The most important aspect about cheesemaking is a clean kitchen, with absolutely no traces of washing-up liquid or any other chemical cleaners. Rinse your pot after you wash it thoroughly to ensure there are no traces. Rinse your ladle if you use one. Boil your cheesecloth before use.

Let's start with the simplest of all: paneer, also known as queso blanco.

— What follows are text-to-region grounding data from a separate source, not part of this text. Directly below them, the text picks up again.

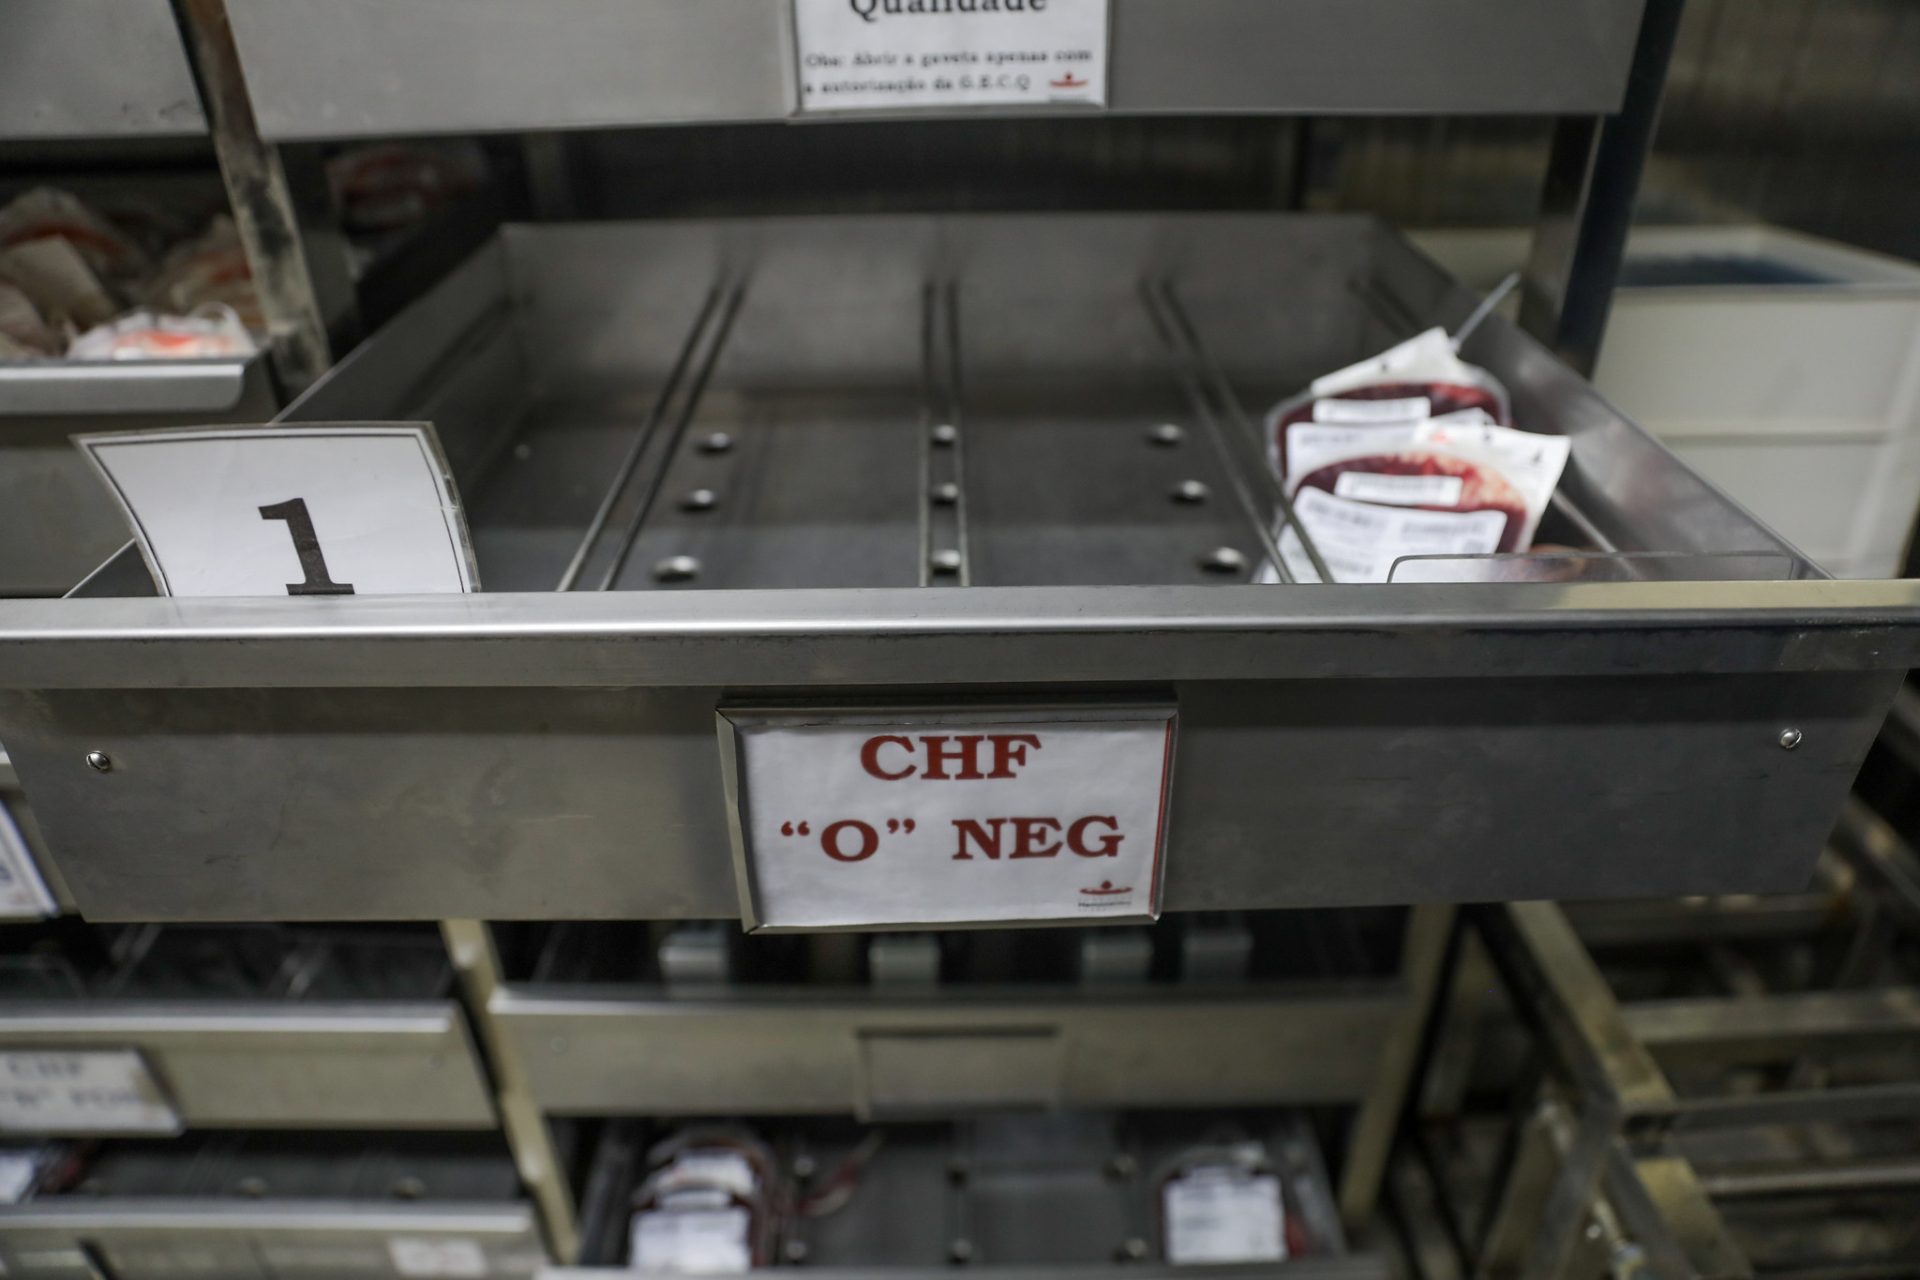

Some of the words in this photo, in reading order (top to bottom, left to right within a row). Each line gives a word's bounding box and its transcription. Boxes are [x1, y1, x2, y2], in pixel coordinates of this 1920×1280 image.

[921, 51, 977, 69] gaveta
[986, 51, 1047, 67] apenas
[1055, 50, 1092, 62] com
[258, 497, 355, 595] 1
[860, 733, 1042, 781] CHF
[951, 814, 1125, 861] NEG
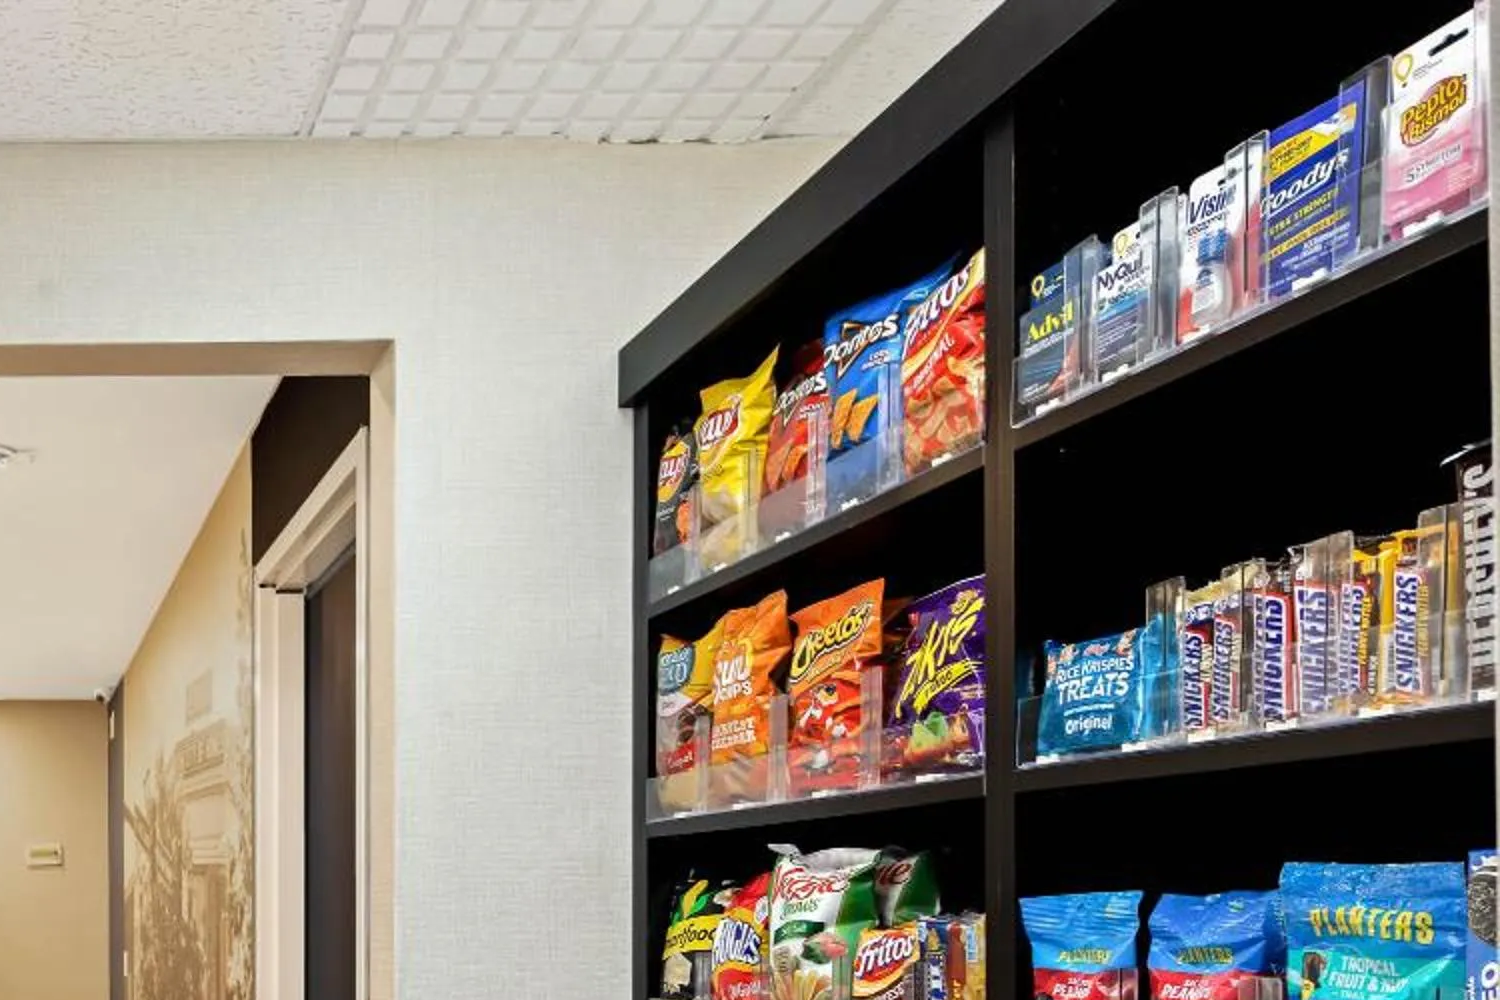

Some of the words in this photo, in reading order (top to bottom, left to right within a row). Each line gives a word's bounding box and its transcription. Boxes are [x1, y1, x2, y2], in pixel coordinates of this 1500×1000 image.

[1402, 78, 1461, 128] Pepto
[1028, 301, 1074, 344] Advil
[1396, 574, 1419, 691] SNICKERS
[1055, 664, 1081, 685] RICE
[1057, 671, 1130, 705] TREATS
[1309, 906, 1435, 945] PLANTERS
[854, 934, 915, 979] Fritos
[1341, 956, 1398, 977] TROPICAL
[1328, 971, 1364, 990] FRUIT
[1366, 974, 1378, 992] &
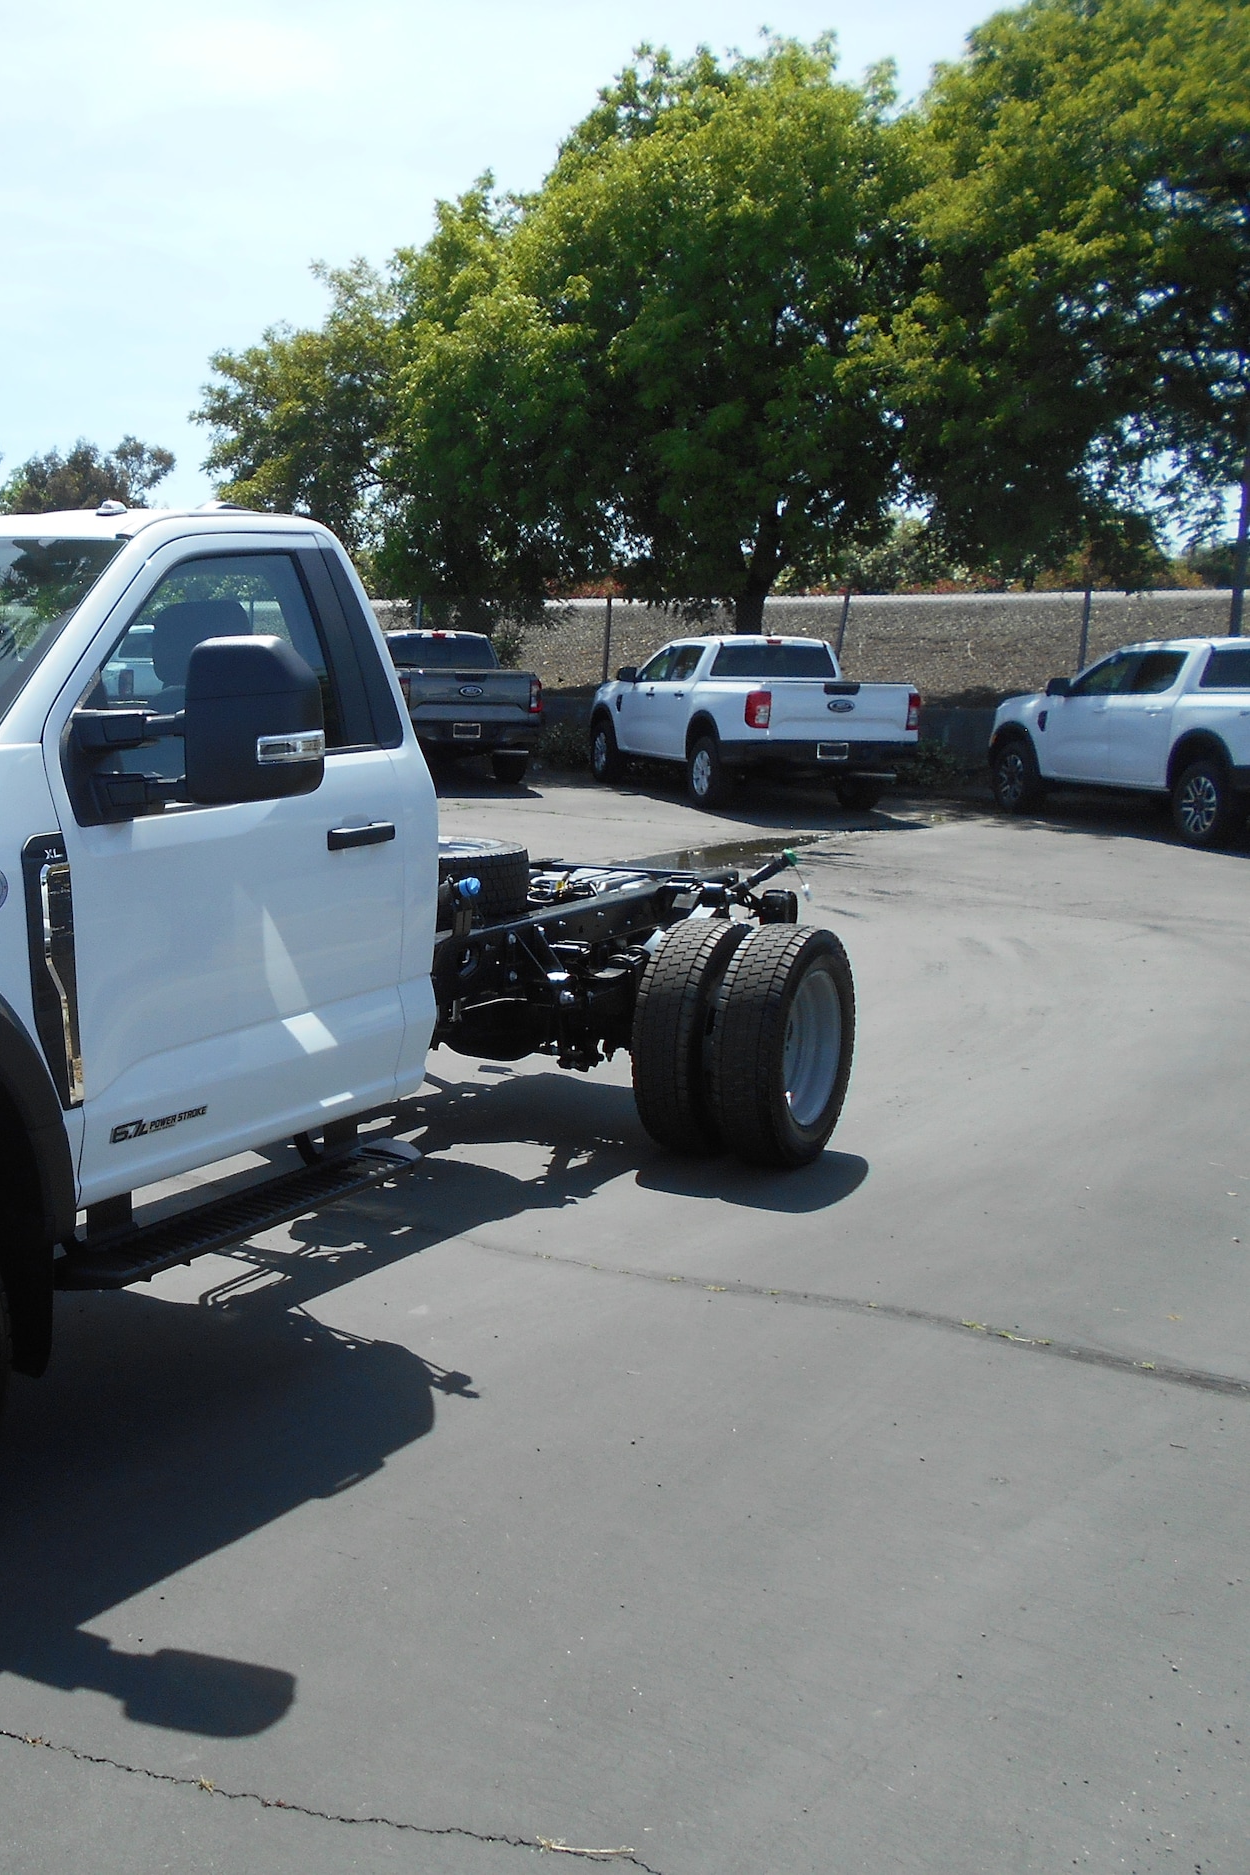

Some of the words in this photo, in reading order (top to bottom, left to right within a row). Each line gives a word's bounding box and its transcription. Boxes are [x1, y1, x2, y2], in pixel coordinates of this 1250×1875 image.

[44, 848, 63, 860] XL
[149, 1114, 177, 1130] POWER
[177, 1105, 208, 1122] STROKE
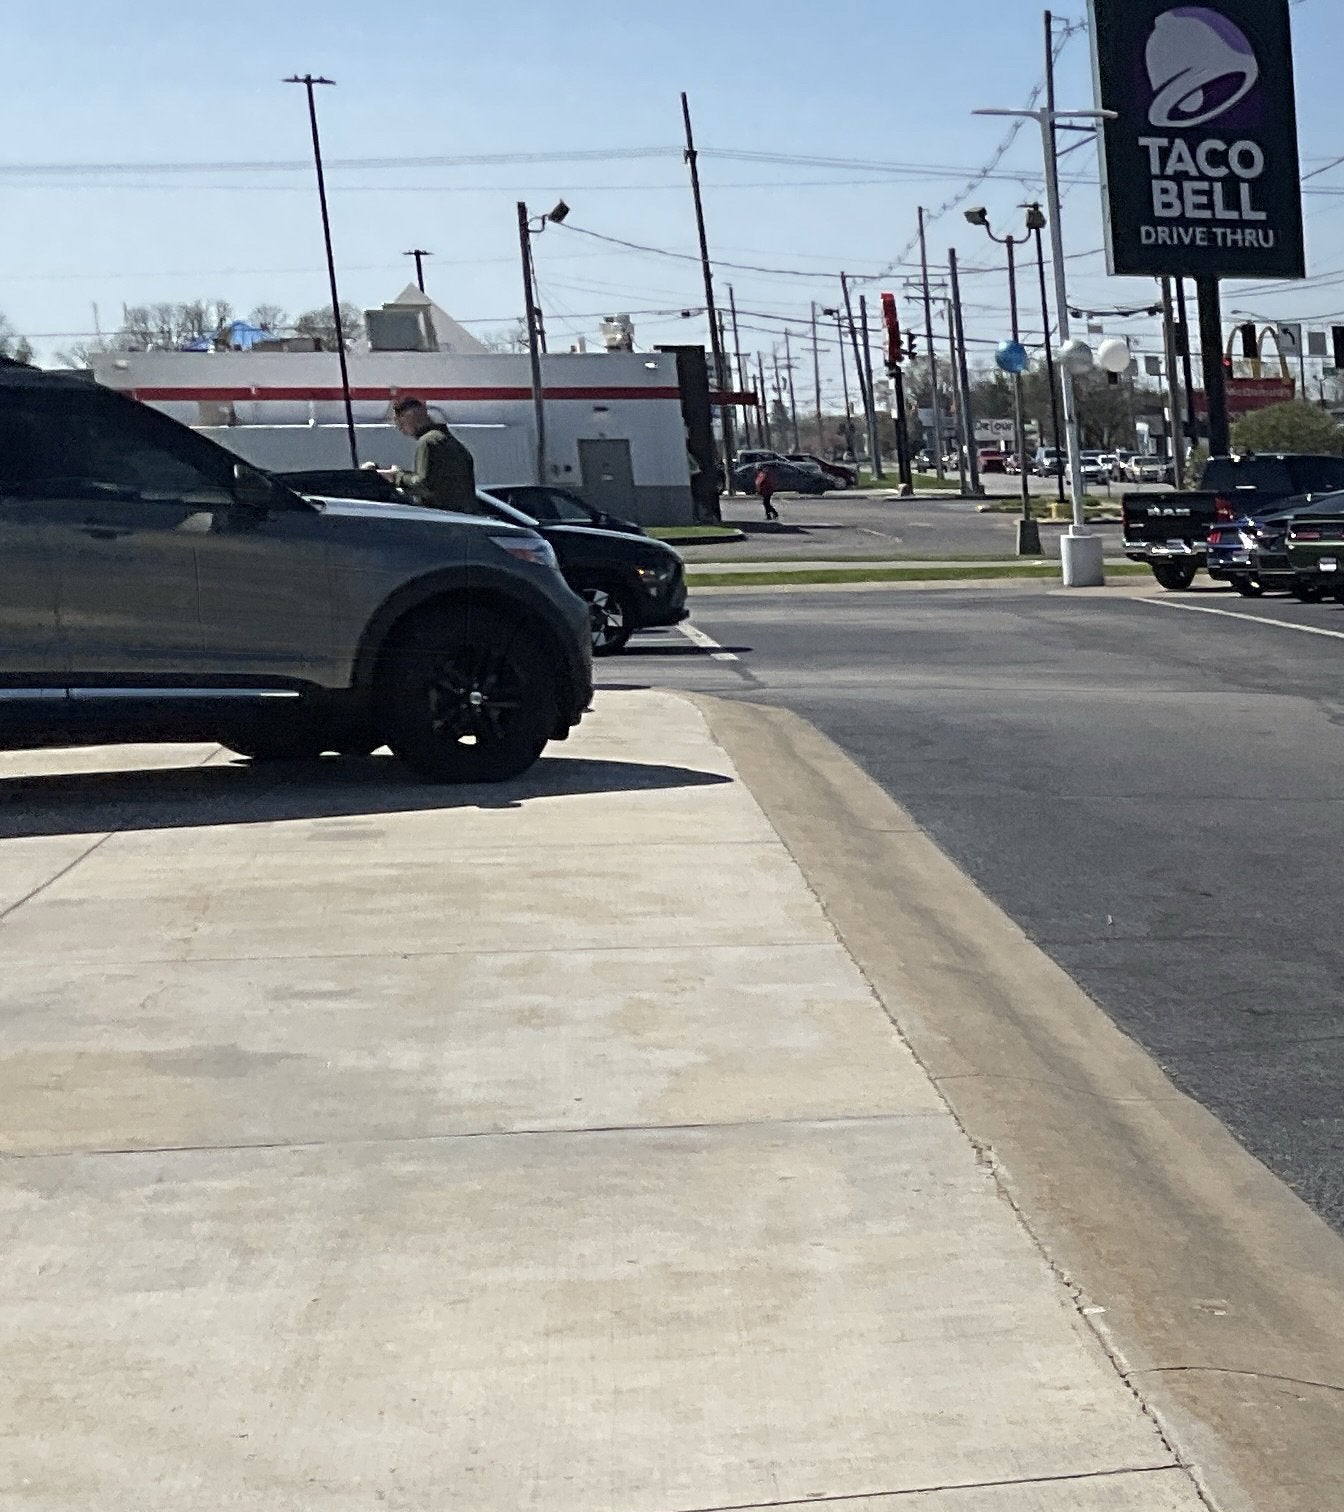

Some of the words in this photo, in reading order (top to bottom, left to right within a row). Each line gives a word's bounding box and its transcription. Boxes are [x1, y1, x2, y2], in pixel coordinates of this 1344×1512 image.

In a large pot, slowly heat a gallon of store-bought milk to 180/190F. This is where patience comes in. If you heat it over high heat, the bottom of the pan will scorch, and your cheese will have a slightly or worse burnt flavour. When the milk reaches about 180F, turn it off, then add a quarter cup of apple cider vinegar. You can use any vinegar really, and even lemon juice, but I'm a snob and like apple cider vinegar. In most cases, a quarter cup is enough. Stir the milk to mix the vinegar in well, and you should see curds forming pretty instantly. If you don't, add another glug of vinegar (about a sip's worth), and that should definitely do it. As soon as the milk curdles, move it from the hot stove. Let sit for five to ten minutes. Meantime, line a colander with cheesecloth, then pour the contents of the pot (which now is whey and curds) into it. Be careful about splashing; the stuff is hot. Once you've transferred it all into the cheesecloth, take the four corners of the cloth and knot them together. Then hang either over a pot or above the sink, making sure the cloth doesn't touch the bottom. Let drain for 8-12 hours. You now have a non-melting cheese that takes on pretty much any taste, sort of like tofu. Cut into cubes and add to curry, or add to your favourite Mexican dish.